# Great Stuff Spider Egg Sac



## Zombie-F (Apr 12, 2004)

I will be doing a how-to for this. The photo doesn't actually do it justice because for some reason, that damned common, store-bought spider webbing just doesn't photograph well.








I will be gluing a bunch of small plastic spiders to it to finish it off. Guess I shouldn't have put it in the showroom then.


----------



## bobzilla (Nov 13, 2008)

Hey....that looks really good !!!


----------



## Frighteners Entertainment (Jan 24, 2006)

nice, I do some of the webbing!


----------



## Joiseygal (Sep 3, 2008)

Wow Great Stuff Spider Egg Sac...you are my hero! I try to think of all kind of things to make with Great Stuff and that never crossed my mind. Very nice job Zombie F. I'm not sure, but I'm thinking a balloon was involved????


----------



## Zombie-F (Apr 12, 2004)

Joiseygal said:


> Wow Great Stuff Spider Egg Sac...you are my hero! I try to think of all kind of things to make with Great Stuff and that never crossed my mind. Very nice job Zombie F. I'm not sure, but I'm thinking a balloon was involved????


A balloon and it was wrapped with cheesecloth to give the great stuff something to hang on to... otherwise, most of it just fell off the balloon.


----------



## spideranne (Jul 17, 2006)

Great idea. Love the look.


----------



## Joiseygal (Sep 3, 2008)

Zombie-F said:


> A balloon and it was wrapped with cheesecloth to give the great stuff something to hang on to... otherwise, most of it just fell off the balloon.


Time to purchase some balloons.
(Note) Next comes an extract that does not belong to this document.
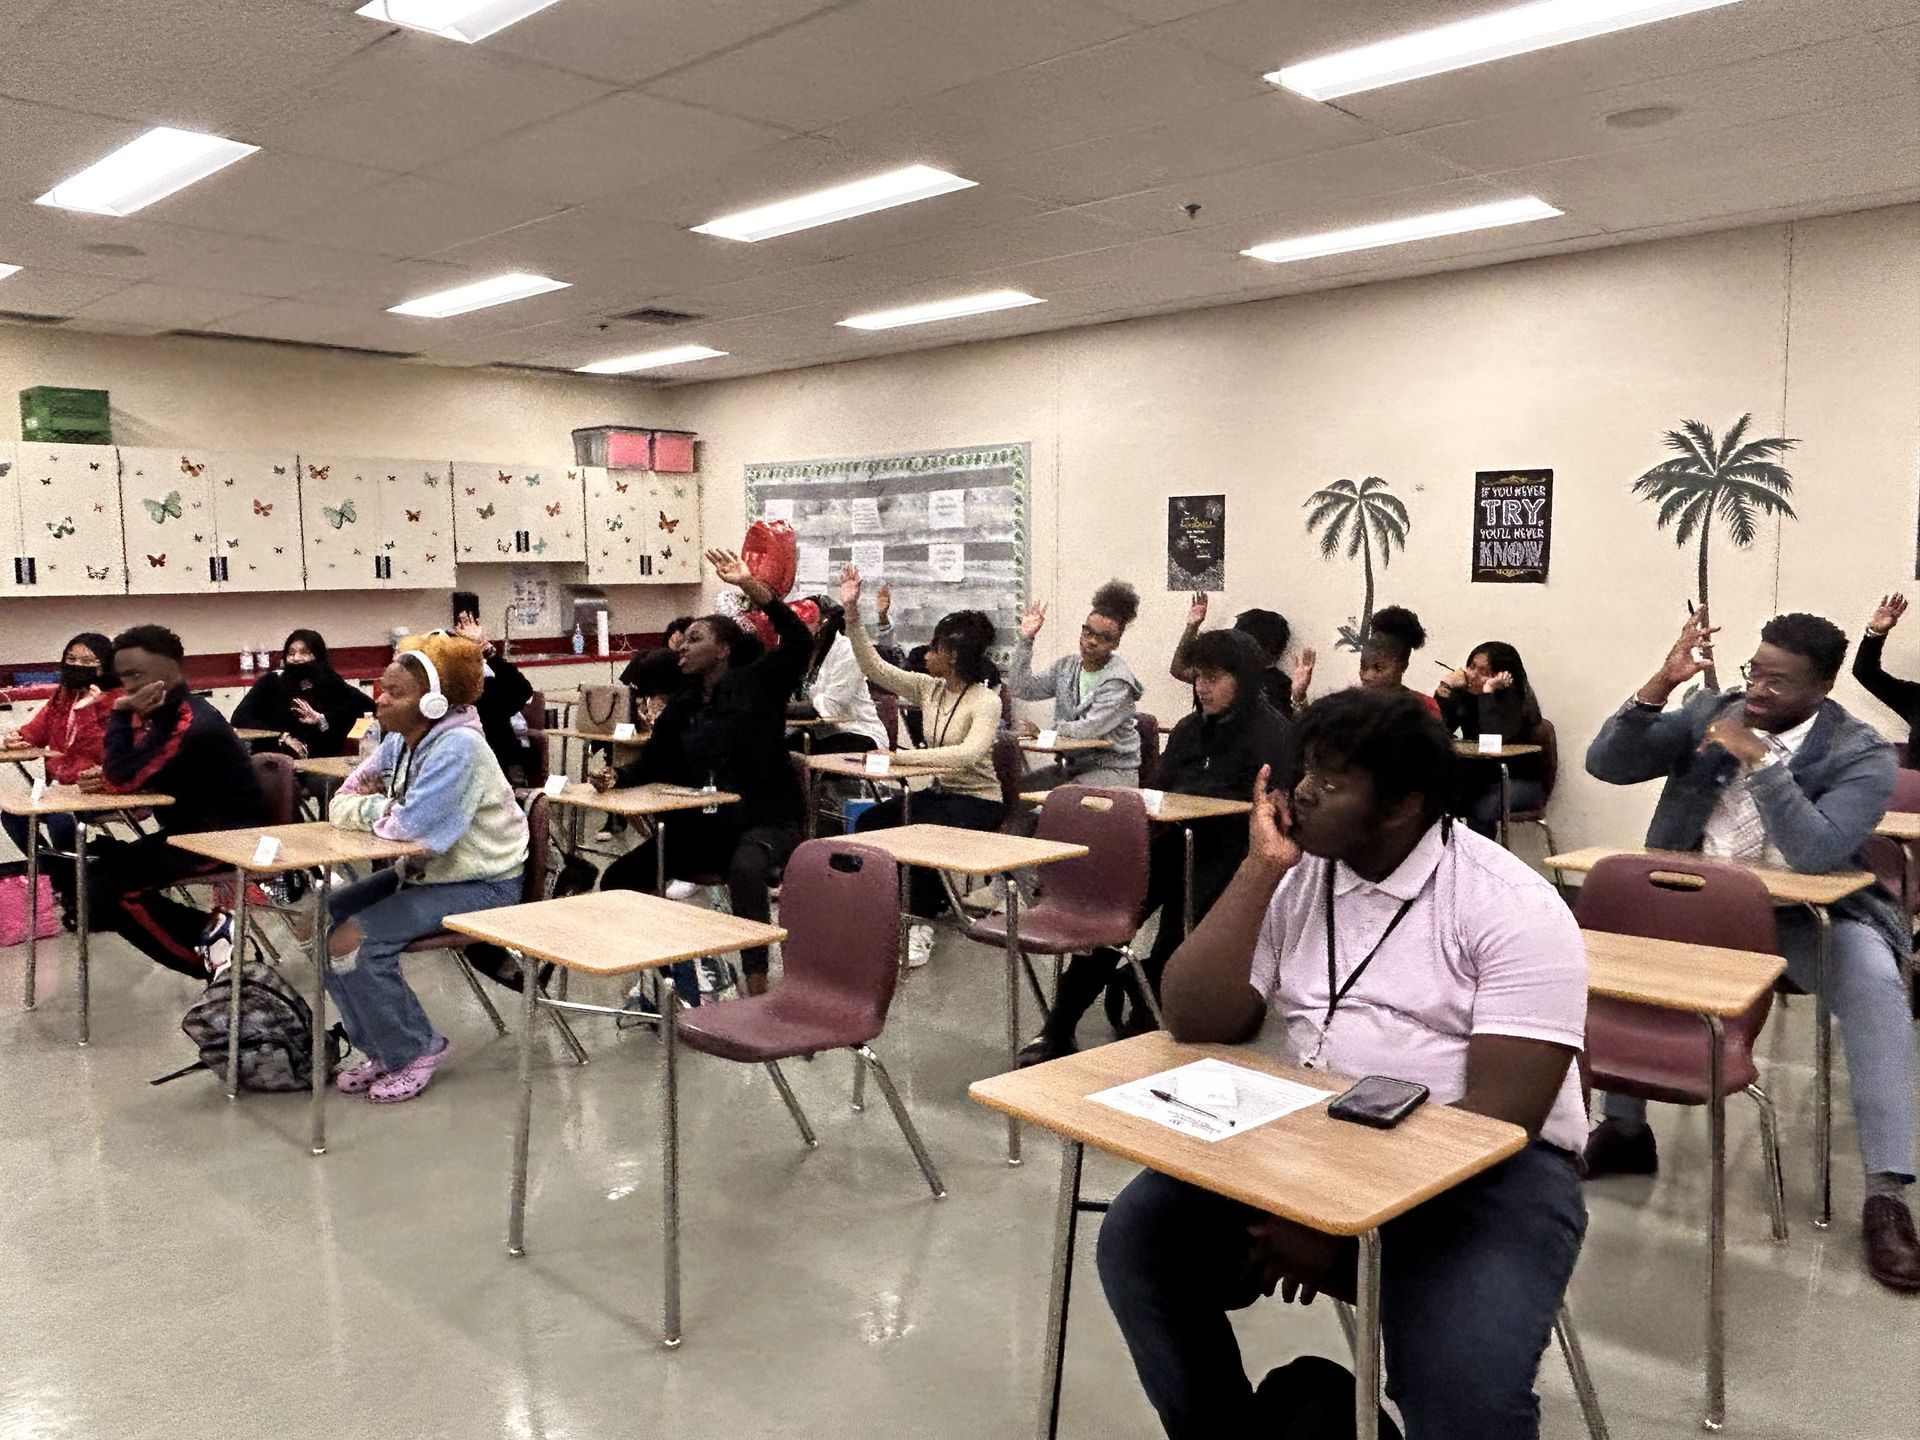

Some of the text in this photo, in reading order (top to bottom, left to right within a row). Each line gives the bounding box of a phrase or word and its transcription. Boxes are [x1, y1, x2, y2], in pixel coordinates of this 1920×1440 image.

[1481, 485, 1546, 498] IF YOU NEVER
[1480, 527, 1545, 539] YOU'LL NEVER
Very cool!


----------



## Dark Angel 27 (Sep 11, 2008)

that was awesome ZF! i love that purple spider too!


----------



## RoxyBlue (Oct 6, 2008)

Zombie-F said:


> I will be gluing a bunch of small plastic spiders to it to finish it off. Guess I shouldn't have put it in the showroom then.


I guess I'll let it slide just this once:googly::jol:

I'm glad it's a prop, because I would SO not want to walk into a room and see something like that crawling with spiders


----------



## cerinad (Jun 23, 2008)

Well, that's great stuff. What a good idea.


----------



## Hauntiholik (May 17, 2006)

Nice sac


----------



## fick209 (Aug 31, 2009)

Great idea, that is very cool!


----------



## morbidmike (Sep 11, 2009)

this gives me ideas nice work


----------



## lewlew (Mar 15, 2006)

That looks really good. Love the look of the webbing. We have one about that size but used a cheap plastic ball with the webbing and great stuff. Tips: Give it a spritz with some silicon spray and it'll get that nice 'wet' look. We also put ours on an ornament motor so it slowly spins.


----------



## HalloweenZombie (Jul 22, 2007)

I saw this and I put my kids to work today making some spider sacks.


----------



## Zombie-F (Apr 12, 2004)

lewlew said:


> That looks really good. Love the look of the webbing. We have one about that size but used a cheap plastic ball with the webbing and great stuff. Tips: Give it a spritz with some silicon spray and it'll get that nice 'wet' look. We also put ours on an ornament motor so it slowly spins.


I sprayed the completed prop with some flat clear coat and it gave the webbing a really cool look to it (and helped hold it in place better). The camera didn't really capture it too well, but the Make and Takers coming to my house tomorrow will be able to see it.

I'll try to get the How to up on my project site this weekend when I make a few more on Sunday.


----------



## Bethene (Jan 19, 2008)

that is so cool, can't wait for the how too!


----------



## Creep Cringle (Jun 23, 2009)

Looks good! I see there was an adult beverage nearby... was that to draw out the spiders ?


----------